TASK REQUIREMENTS >> Transcribe the data as written, minus images.

PROVIDED INFORMATION >>
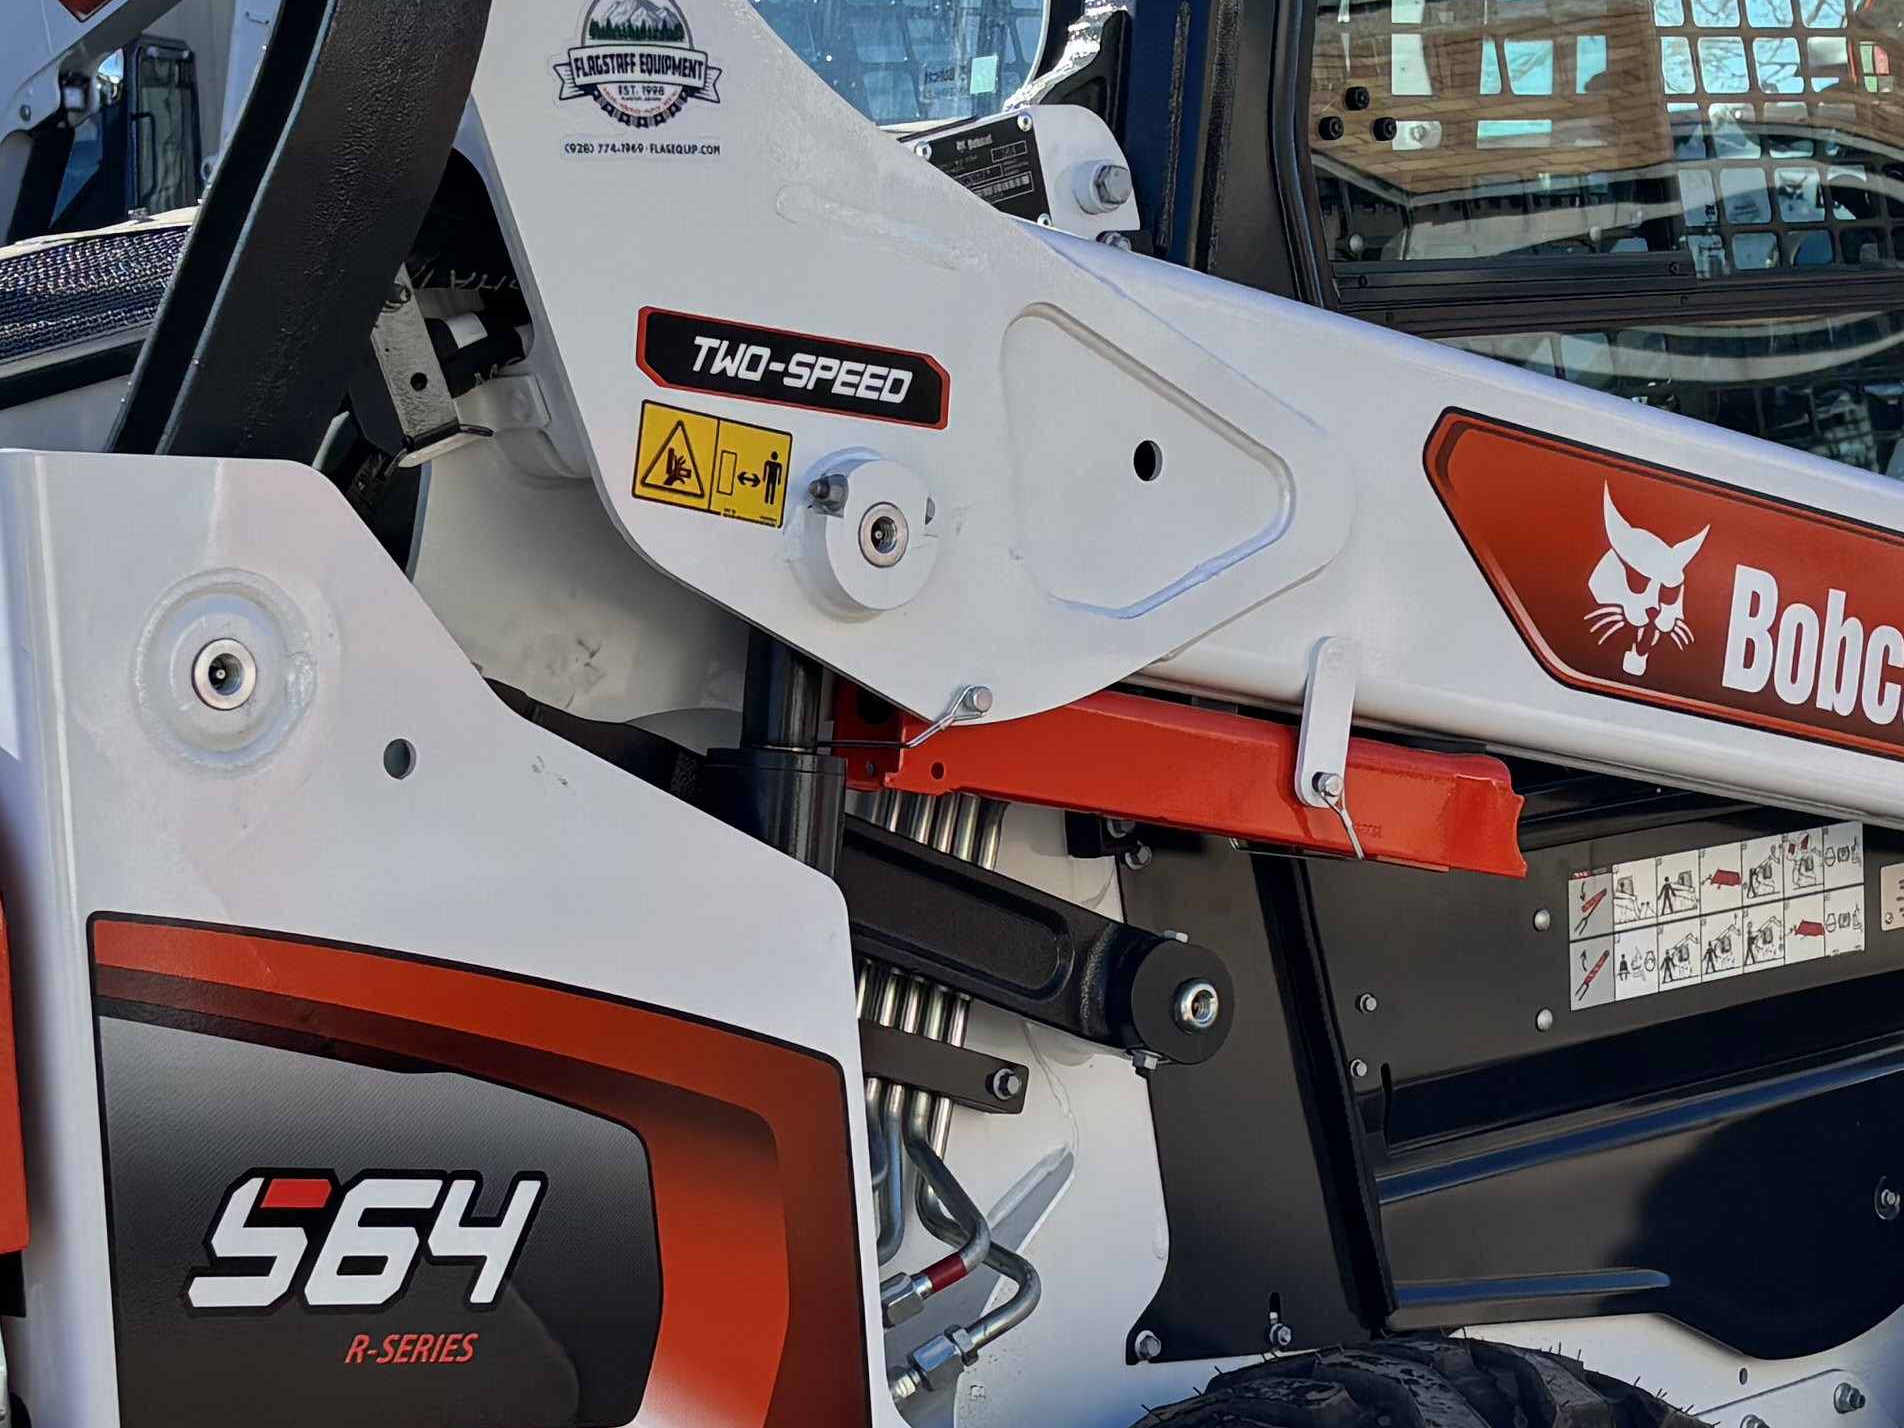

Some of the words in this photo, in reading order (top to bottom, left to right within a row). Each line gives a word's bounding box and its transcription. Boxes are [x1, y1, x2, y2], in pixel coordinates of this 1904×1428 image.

[574, 53, 636, 78] FLAGSTAFF
[639, 53, 704, 80] EQUIPMENT
[618, 85, 639, 95] EST.
[564, 143, 594, 154] (928)
[693, 335, 913, 405] TWO-SPEED
[190, 1174, 544, 1310] S64
[344, 1333, 479, 1365] R-SERIES

ANSWER SPACE >>
Some of the words in this photo, in reading order (top to bottom, left to right within a row). Each line gives a word's bounding box and its transcription. Boxes are [x1, y1, x2, y2], in pixel coordinates of this 1904×1428 image.

[574, 53, 636, 78] FLAGSTAFF
[639, 53, 704, 80] EQUIPMENT
[618, 85, 639, 95] EST.
[564, 143, 594, 154] (928)
[693, 335, 913, 405] TWO-SPEED
[190, 1174, 544, 1310] S64
[344, 1333, 479, 1365] R-SERIES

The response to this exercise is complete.